*What you have to do*
Repeat the data word for word, excluding every picture.

*Study material*
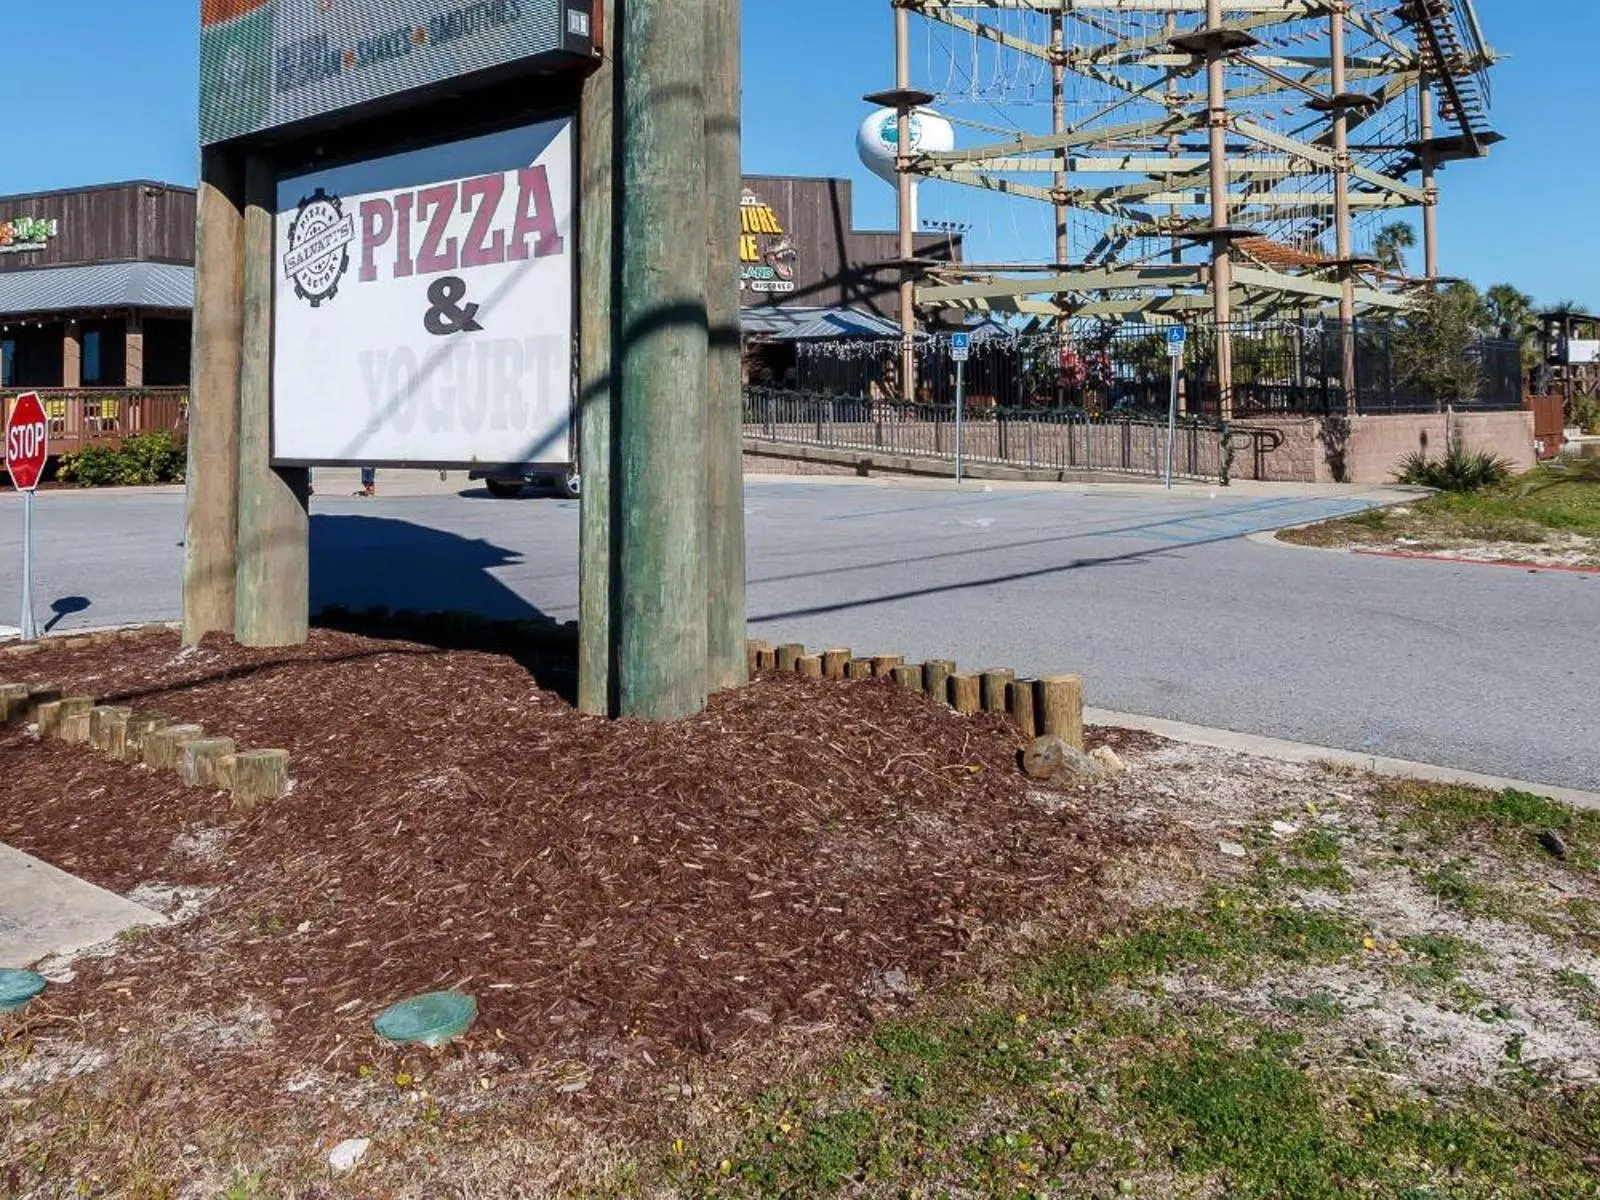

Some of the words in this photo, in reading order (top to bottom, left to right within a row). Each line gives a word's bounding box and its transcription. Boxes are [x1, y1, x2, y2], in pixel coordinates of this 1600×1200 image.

[358, 164, 564, 282] PIZZA
[423, 275, 485, 336] &
[357, 334, 564, 434] YOGURT
[9, 422, 45, 461] STOP

*Answer to the problem*
Some of the words in this photo, in reading order (top to bottom, left to right within a row). Each line gives a word's bounding box and its transcription. Boxes are [x1, y1, x2, y2], in pixel coordinates of this 1600×1200 image.

[358, 164, 564, 282] PIZZA
[423, 275, 485, 336] &
[357, 334, 564, 434] YOGURT
[9, 422, 45, 461] STOP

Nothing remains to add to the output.